[INFORMATION SHOWN Boundary: Start]
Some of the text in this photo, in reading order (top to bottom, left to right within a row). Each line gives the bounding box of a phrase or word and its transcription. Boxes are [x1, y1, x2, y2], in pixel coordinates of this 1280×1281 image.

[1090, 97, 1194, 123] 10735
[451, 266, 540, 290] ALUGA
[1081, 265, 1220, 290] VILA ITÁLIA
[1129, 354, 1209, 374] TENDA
[INFORMATION SHOWN Boundary: End]
### INSTRUCTIONS TO FOLLOW:
I'd like all of the entries written out again exactly as they appear above.

### EXPECTED ANSWER:
Some of the text in this photo, in reading order (top to bottom, left to right within a row). Each line gives the bounding box of a phrase or word and its transcription. Boxes are [x1, y1, x2, y2], in pixel coordinates of this 1280×1281 image.

[1090, 97, 1194, 123] 10735
[451, 266, 540, 290] ALUGA
[1081, 265, 1220, 290] VILA ITÁLIA
[1129, 354, 1209, 374] TENDA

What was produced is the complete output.